- [WHAT YOU NEED TO DO]:
The reply must repeat each entry exactly and contain no pictures.

- [RECORDED DATA]:
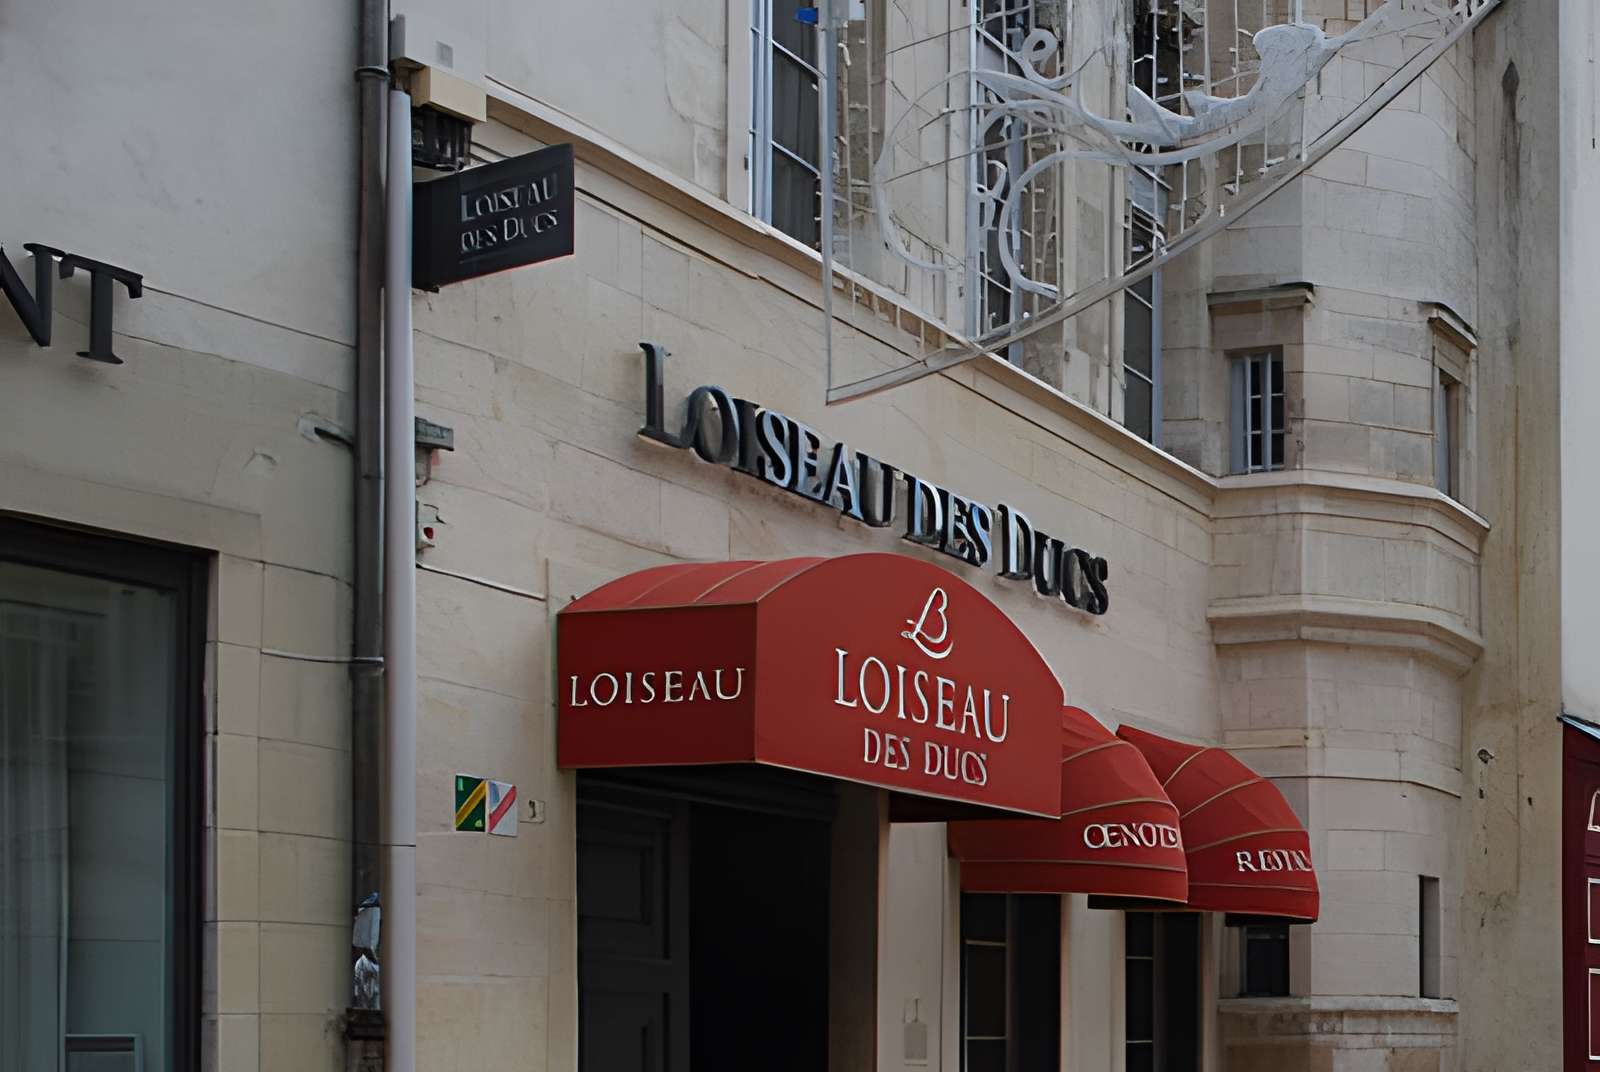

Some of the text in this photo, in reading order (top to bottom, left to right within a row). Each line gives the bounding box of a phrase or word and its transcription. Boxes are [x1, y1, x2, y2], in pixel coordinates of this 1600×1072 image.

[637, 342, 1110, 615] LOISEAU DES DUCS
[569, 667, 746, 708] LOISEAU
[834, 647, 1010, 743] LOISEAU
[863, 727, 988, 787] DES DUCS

- [EXPECTED ANSWER]:
Some of the text in this photo, in reading order (top to bottom, left to right within a row). Each line gives the bounding box of a phrase or word and its transcription. Boxes are [x1, y1, x2, y2], in pixel coordinates of this 1600×1072 image.

[637, 342, 1110, 615] LOISEAU DES DUCS
[569, 667, 746, 708] LOISEAU
[834, 647, 1010, 743] LOISEAU
[863, 727, 988, 787] DES DUCS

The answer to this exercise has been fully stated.